-- Problem description --
Any image in the records is to be skipped; everything else should be reproduced exactly.

-- Given data --
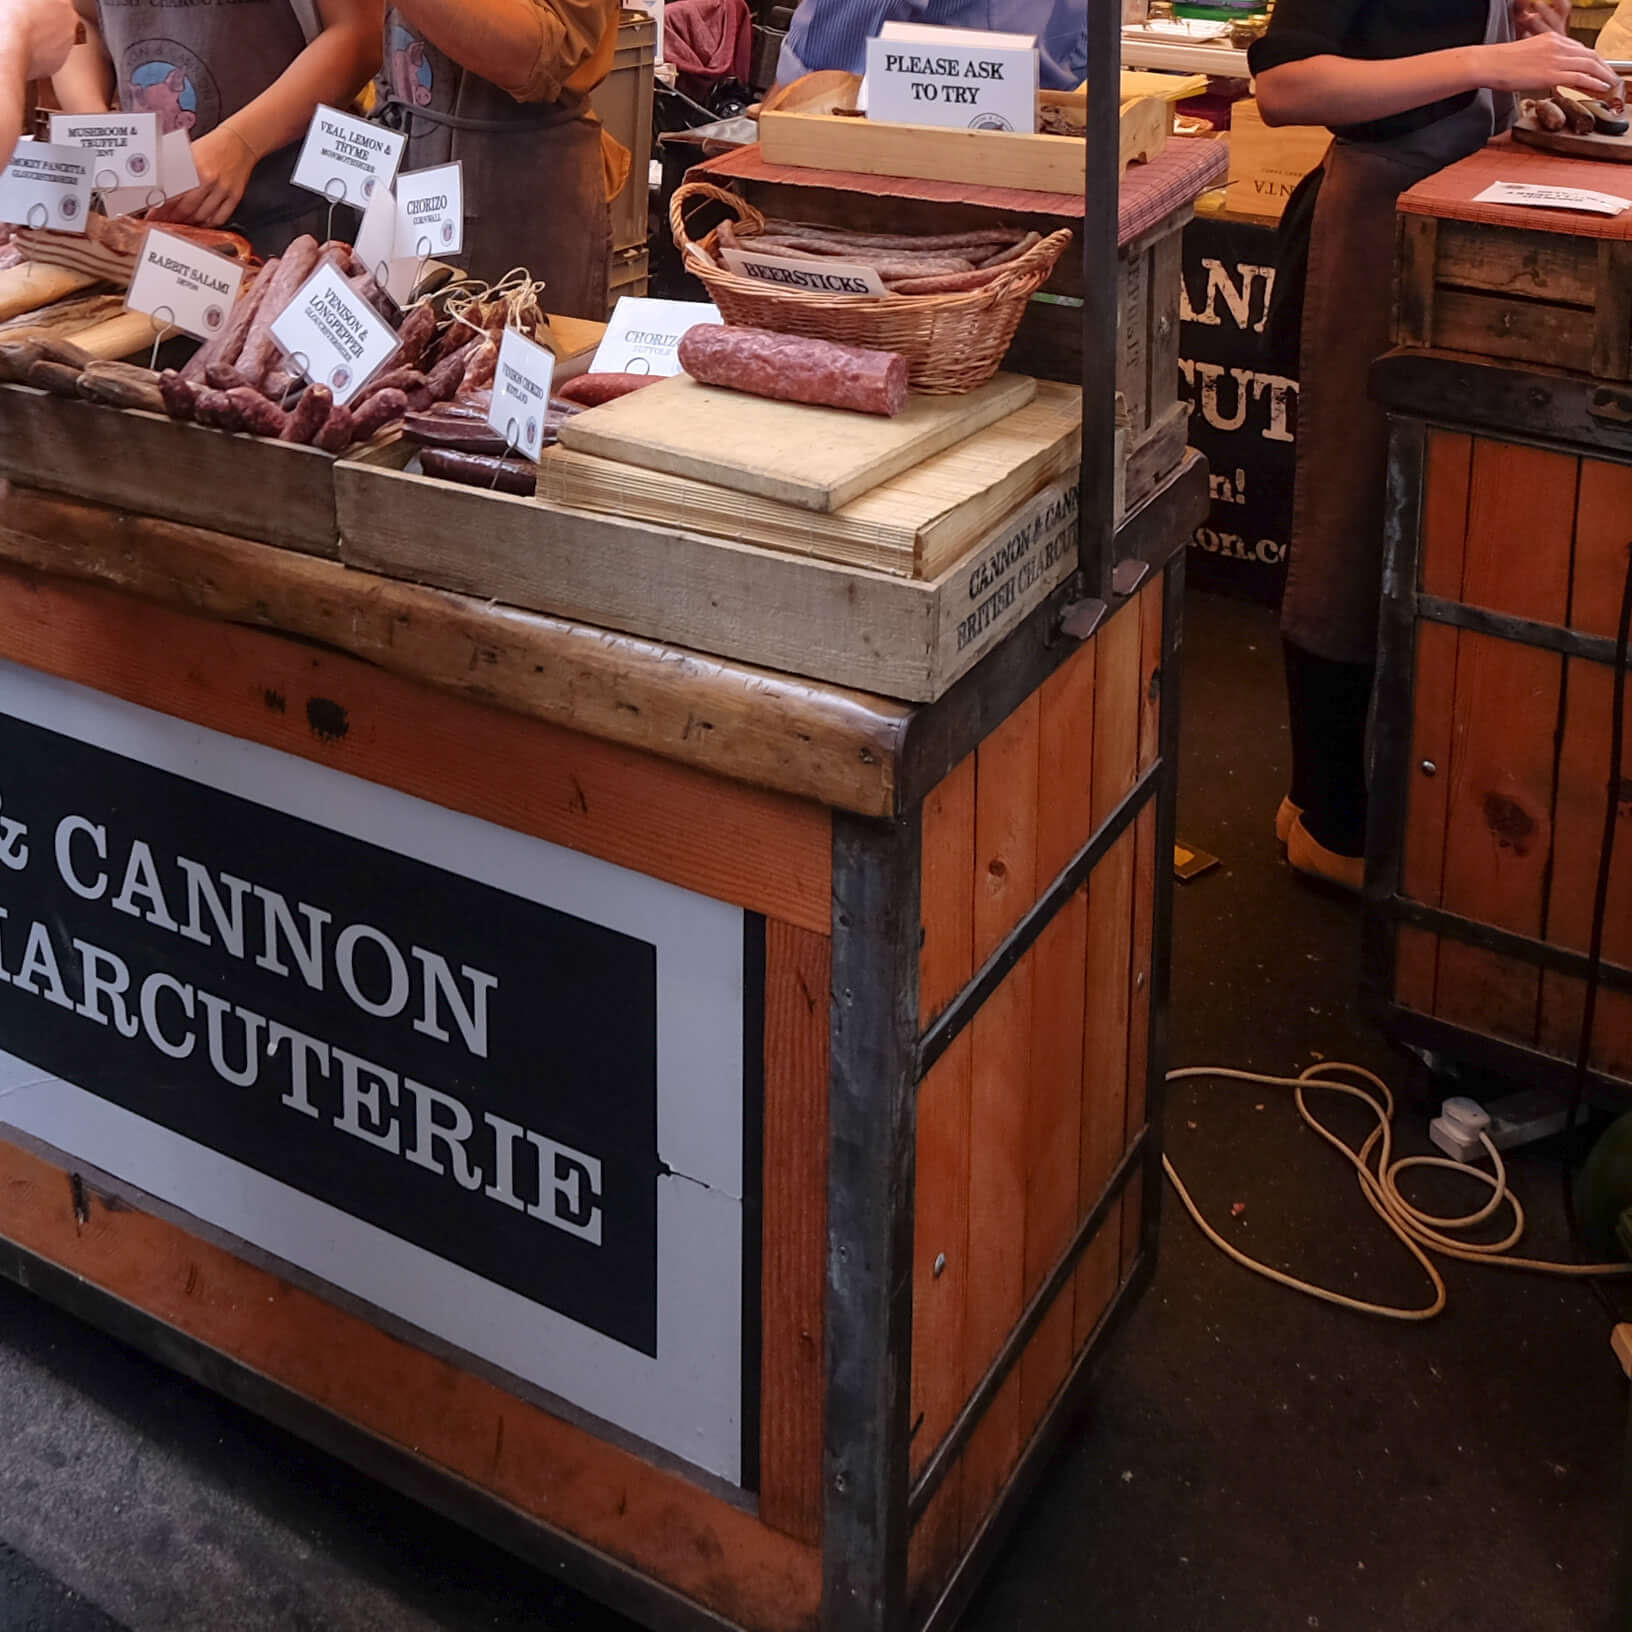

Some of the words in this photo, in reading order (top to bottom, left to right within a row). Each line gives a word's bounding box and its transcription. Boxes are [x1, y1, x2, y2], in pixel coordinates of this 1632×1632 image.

[885, 54, 960, 78] PLEASE
[963, 60, 1005, 80] ASK
[911, 82, 938, 101] TO
[942, 85, 981, 105] TRY
[67, 126, 129, 138] MUSHROOM
[129, 126, 138, 136] &
[79, 137, 128, 148] TRUFFLE
[320, 120, 348, 142] VEAL,
[348, 131, 384, 153] LEMON
[383, 144, 393, 156] &
[96, 149, 115, 157] ENT
[335, 139, 370, 162] THYME
[12, 157, 42, 168] MOKEY
[42, 160, 87, 175] PANCETTA
[406, 194, 448, 216] CHORIZO
[146, 251, 192, 278] RABBIT
[189, 269, 231, 295] SALAMI
[741, 261, 870, 294] BEERSTICKS
[308, 294, 366, 360] LONGPEPPER
[323, 287, 362, 336] VENISON
[358, 330, 369, 343] &
[624, 329, 680, 347] CHORIZ
[969, 523, 1032, 601] CANNON
[1044, 485, 1080, 533] CANN
[956, 574, 1017, 652] BRITISH
[1017, 518, 1080, 596] CHARCUT
[53, 814, 499, 1060] CANNON

-- Task answer --
Some of the words in this photo, in reading order (top to bottom, left to right within a row). Each line gives a word's bounding box and its transcription. Boxes are [x1, y1, x2, y2], in pixel coordinates of this 1632×1632 image.

[885, 54, 960, 78] PLEASE
[963, 60, 1005, 80] ASK
[911, 82, 938, 101] TO
[942, 85, 981, 105] TRY
[67, 126, 129, 138] MUSHROOM
[129, 126, 138, 136] &
[79, 137, 128, 148] TRUFFLE
[320, 120, 348, 142] VEAL,
[348, 131, 384, 153] LEMON
[383, 144, 393, 156] &
[96, 149, 115, 157] ENT
[335, 139, 370, 162] THYME
[12, 157, 42, 168] MOKEY
[42, 160, 87, 175] PANCETTA
[406, 194, 448, 216] CHORIZO
[146, 251, 192, 278] RABBIT
[189, 269, 231, 295] SALAMI
[741, 261, 870, 294] BEERSTICKS
[308, 294, 366, 360] LONGPEPPER
[323, 287, 362, 336] VENISON
[358, 330, 369, 343] &
[624, 329, 680, 347] CHORIZ
[969, 523, 1032, 601] CANNON
[1044, 485, 1080, 533] CANN
[956, 574, 1017, 652] BRITISH
[1017, 518, 1080, 596] CHARCUT
[53, 814, 499, 1060] CANNON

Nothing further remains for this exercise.